What are motivations behind compiling to byte-code

2020-05-23 08:46发布

问题:

I'm working on my own toy programming language. For now I'm interpreting the source language from AST and I'm wondering what advantages compiling to a byte-code and then interpreting it could provide me.

For now I have three things in mind:

  • Traversing the syntax tree hundreds of time may be slower than running instructions in an array, especially if the array support O(1) random access(ie. jumping 10 instructions up and down).
  • In typed execution environment, I have some run-time costs because my AST is typed, and I'm constantly traversing it(ie. I have 10 types of nodes and I need to check what type I'm on now to execute). Maybe compiling to an untyped byte-code could help to improve this, since after type-checking and compiling, I would have an untyped values and code.
  • Compiling to byte-code may provide better portability.

Are my points correct?

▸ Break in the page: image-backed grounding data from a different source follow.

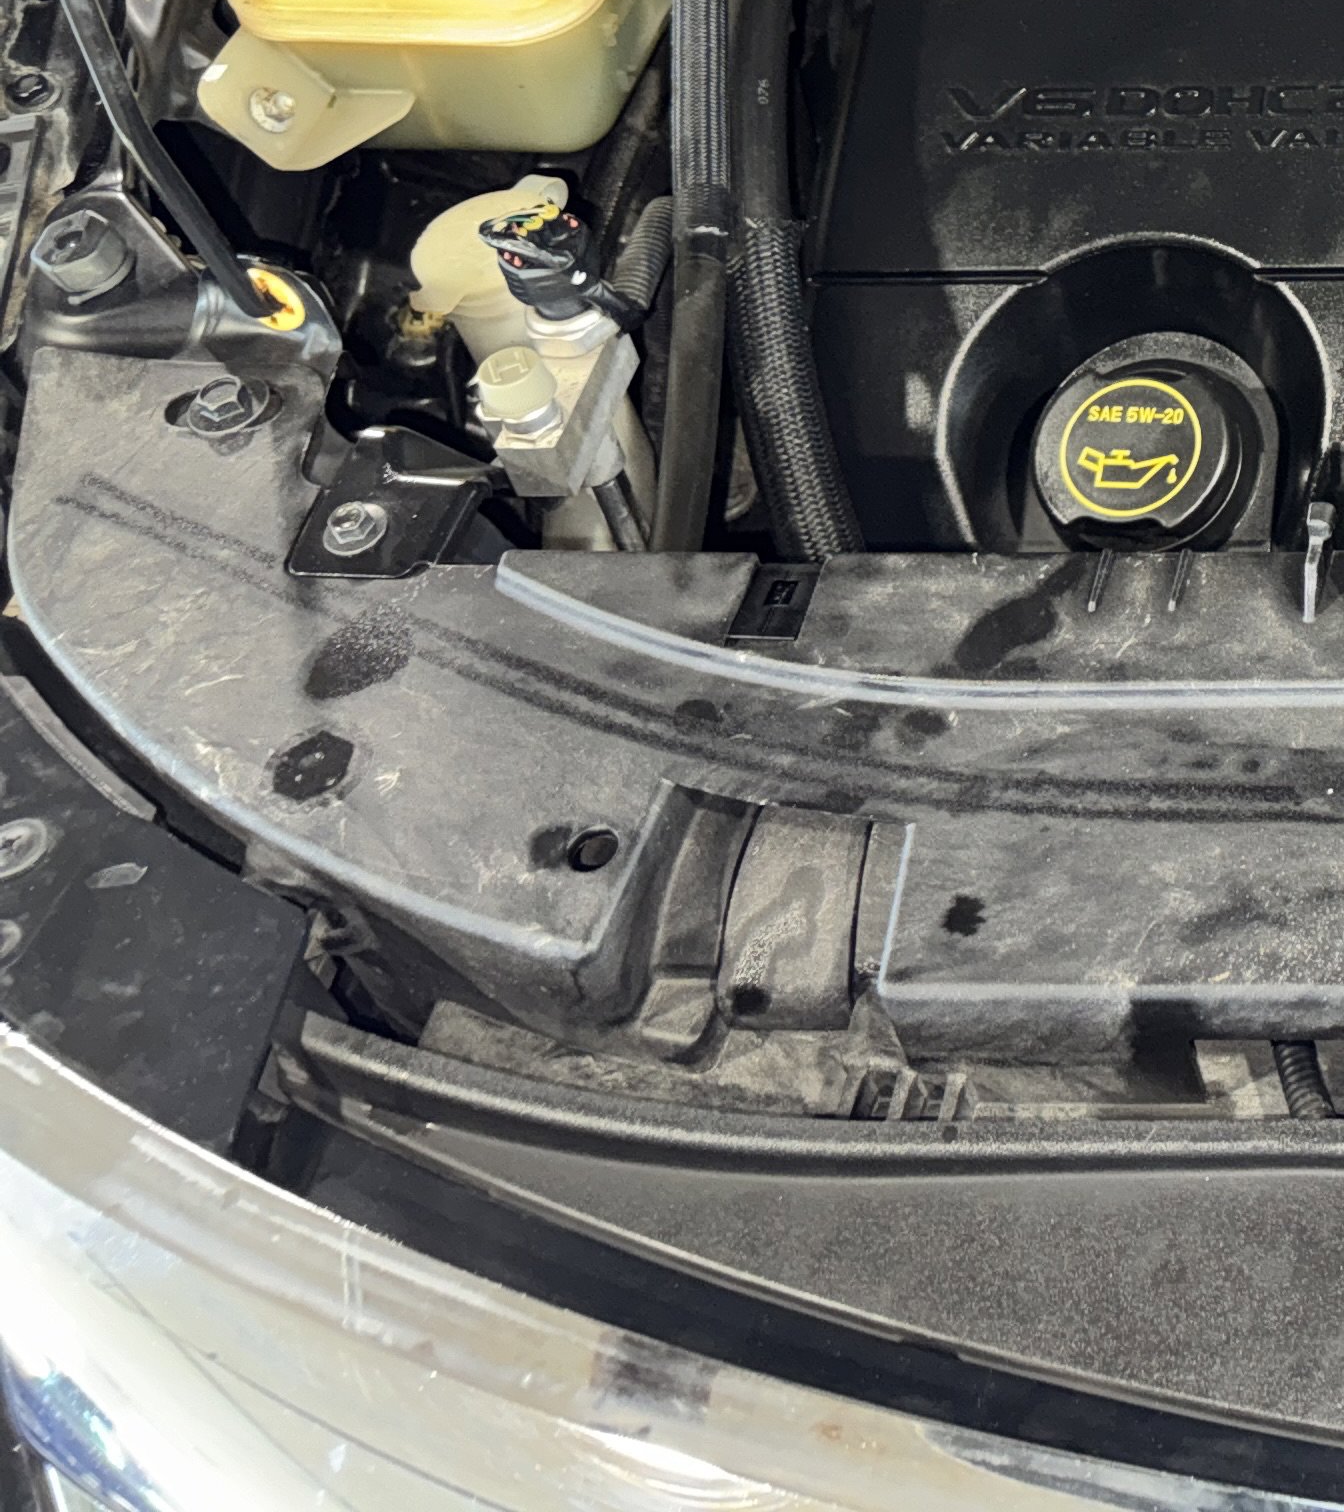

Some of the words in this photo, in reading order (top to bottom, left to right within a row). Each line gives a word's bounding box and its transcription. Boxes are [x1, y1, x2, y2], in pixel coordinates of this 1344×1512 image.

[944, 86, 1096, 121] V6
[1105, 85, 1314, 119] DOHC
[940, 128, 1231, 152] VARIABLE
[1087, 405, 1123, 423] SAE
[1125, 406, 1185, 425] 5W-20

What are some other motivations behind compiling to bytecode?

回答1:

Speed is the main reason; interpreting ASTs is just too slow in practice.

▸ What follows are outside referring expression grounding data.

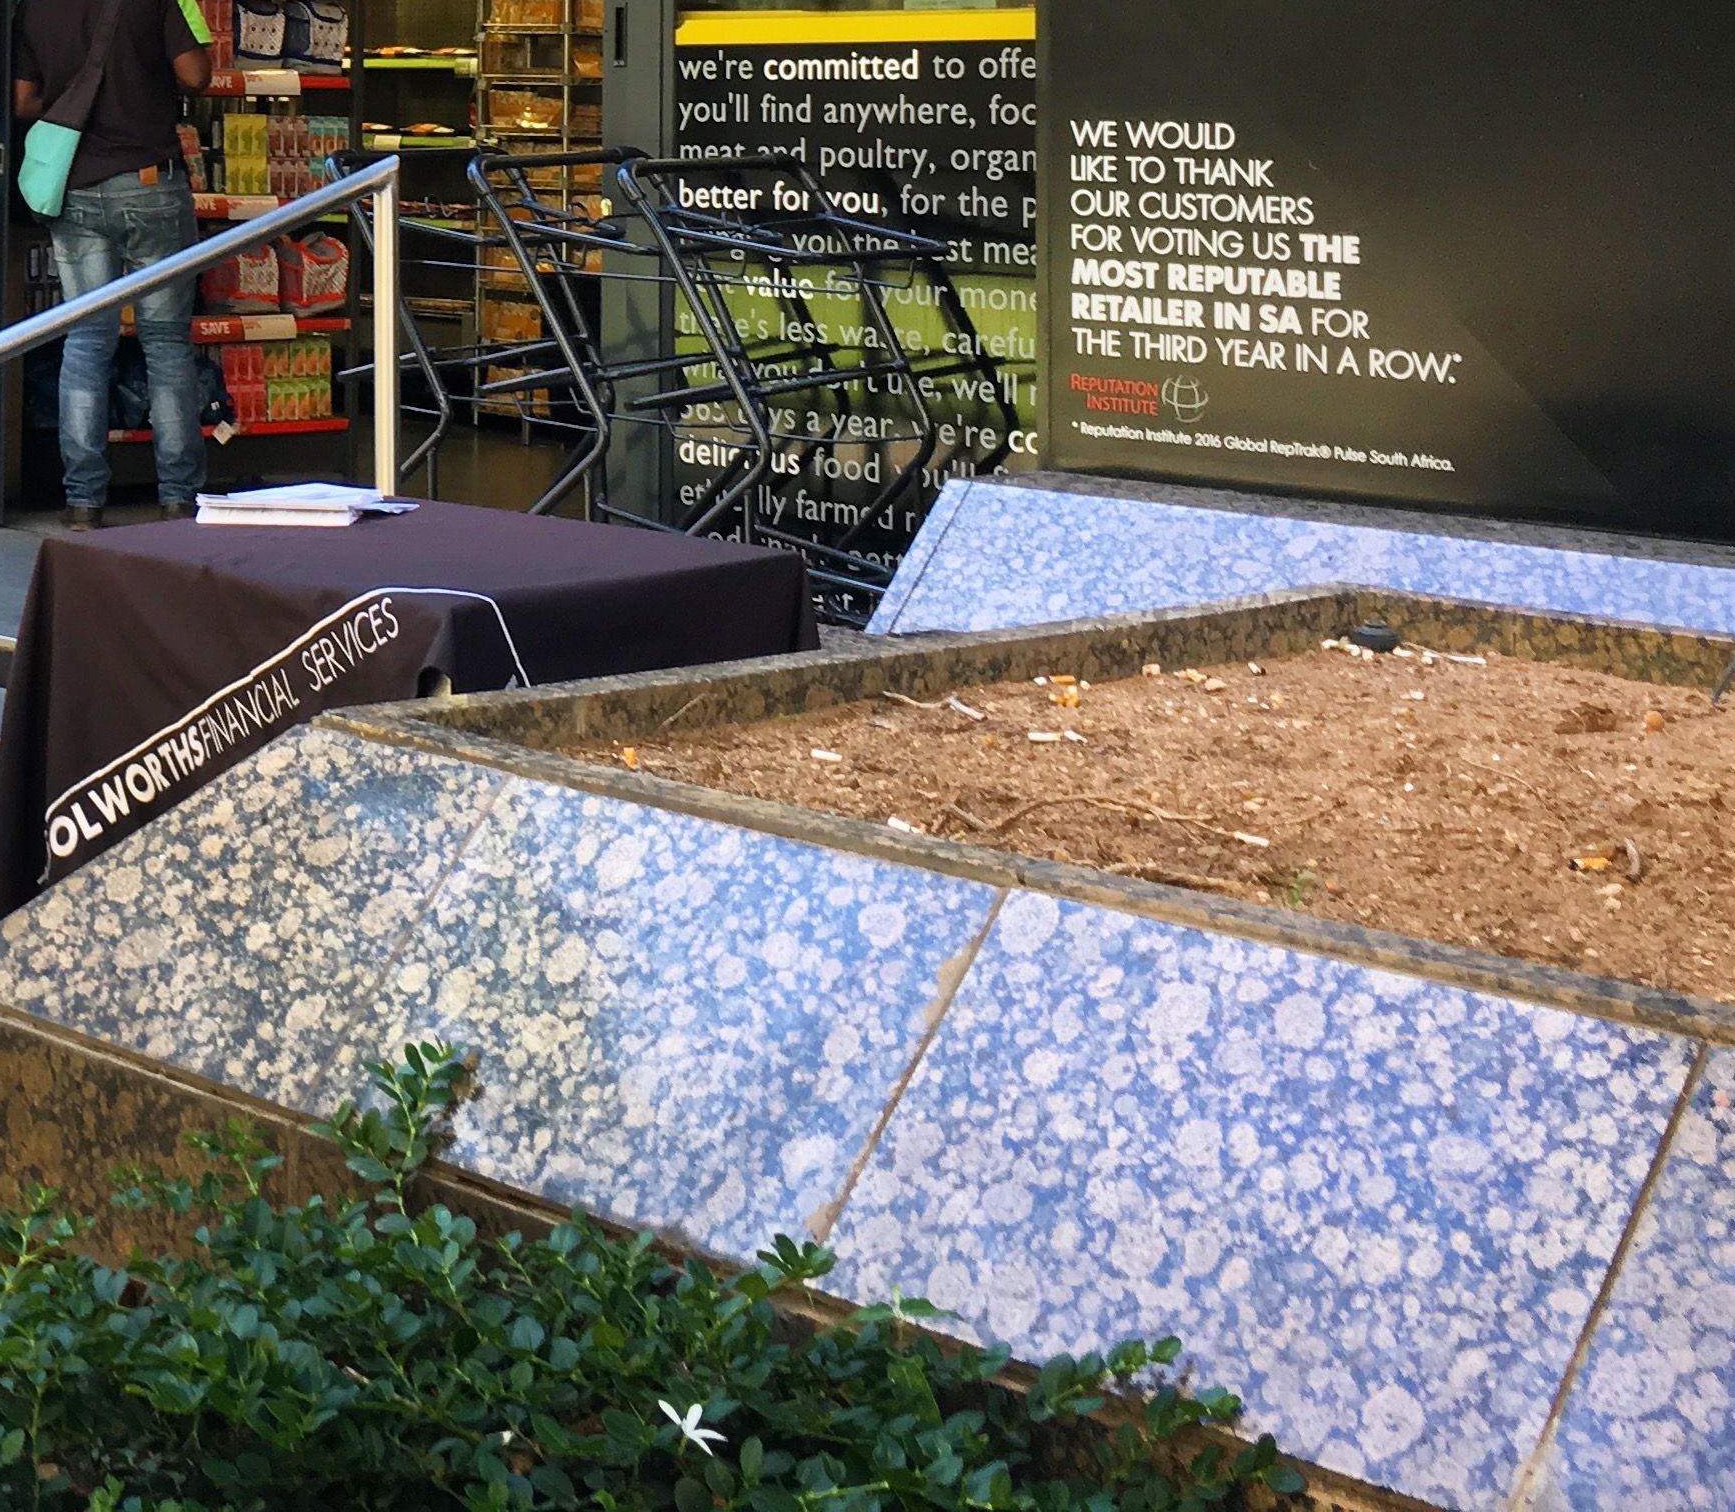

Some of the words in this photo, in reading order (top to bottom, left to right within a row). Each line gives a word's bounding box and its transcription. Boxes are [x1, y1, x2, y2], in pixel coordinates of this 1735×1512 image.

[210, 75, 233, 88] AVE
[678, 49, 754, 81] we're
[763, 48, 920, 81] committed
[932, 54, 965, 80] to
[978, 47, 1037, 80] offe
[678, 92, 749, 131] you'll
[760, 92, 812, 123] find
[823, 93, 976, 133] anywhere,
[1070, 119, 1118, 148] WE
[1125, 120, 1236, 150] WOULD
[820, 137, 936, 179] poultry,
[950, 148, 1037, 181] organ
[1070, 154, 1118, 182] LIKE
[1125, 156, 1165, 184] TO
[1173, 157, 1275, 188] THANK
[195, 196, 217, 211] AVE
[678, 178, 763, 210] better
[772, 180, 811, 212] for
[899, 183, 946, 216] for
[957, 185, 1009, 218] the
[1070, 188, 1131, 218] OUR
[1138, 191, 1315, 226] CUSTOMERS
[1071, 223, 1123, 253] FOR
[1130, 225, 1244, 259] VOTING
[1252, 231, 1291, 261] US
[1299, 233, 1360, 264] THE
[743, 267, 814, 300] value
[1071, 257, 1160, 290] MOST
[1167, 262, 1341, 301] REPUTABLE
[200, 321, 230, 336] SAVE
[1071, 292, 1206, 328] RETAILER
[1214, 300, 1251, 332] IN
[1258, 303, 1303, 335] SA
[1311, 307, 1370, 340] FOR
[780, 311, 829, 344] less
[941, 326, 1035, 360] carefu
[1071, 327, 1122, 358] THE
[1129, 331, 1208, 364] THIRD
[1215, 337, 1287, 371] YEAR
[1295, 342, 1328, 375] IN
[1336, 345, 1362, 377] A
[951, 370, 1017, 405] we'll
[806, 410, 821, 433] a
[813, 446, 880, 484] food
[1080, 421, 1144, 441] Reputation
[1145, 427, 1192, 445] Institute
[1194, 432, 1222, 449] 2016
[1224, 435, 1268, 453] Global
[1334, 445, 1367, 463] Pulse
[1369, 449, 1408, 467] South
[1411, 453, 1455, 472] Africa.
[48, 668, 300, 858] OLWORTHSFINANCIAL
[301, 596, 399, 692] SERVICES

Another reason to use bytecode is that it can be trivially serialized (stored on disk), so that you can distribute it. This is what Java does.



回答2:

The point of generating byte code (or any other "easily interpreted" form such as threaded code) is essentially performance.

For an AST intepreter to decide what to do next, it needs to traverse the tree, inspect nodes, determine the type of nodes, check the type of any operands, verify legality, and decide which special case of the AST-designated operator applies (it says "+", but it means 16 bit add or string concatenate?), before it finally performs some action.

If one takes the final action and generates some kind of easily interpreted structure, then at "execution" time the interpreter can focus simply on performing actions without all that checking/special-case determination.

Another recent excuse is that if you generate byte code for any of a number of well-known virtual machines (JVM, MSIL, Parrot, etc.) you don't even have to code the interpreter. For the JVM and MSIL, you also get the benefit of the JIT compilers associated with them, and with careful design of your language, compatibility with huge libraries, which are the real attraction of Java and C#.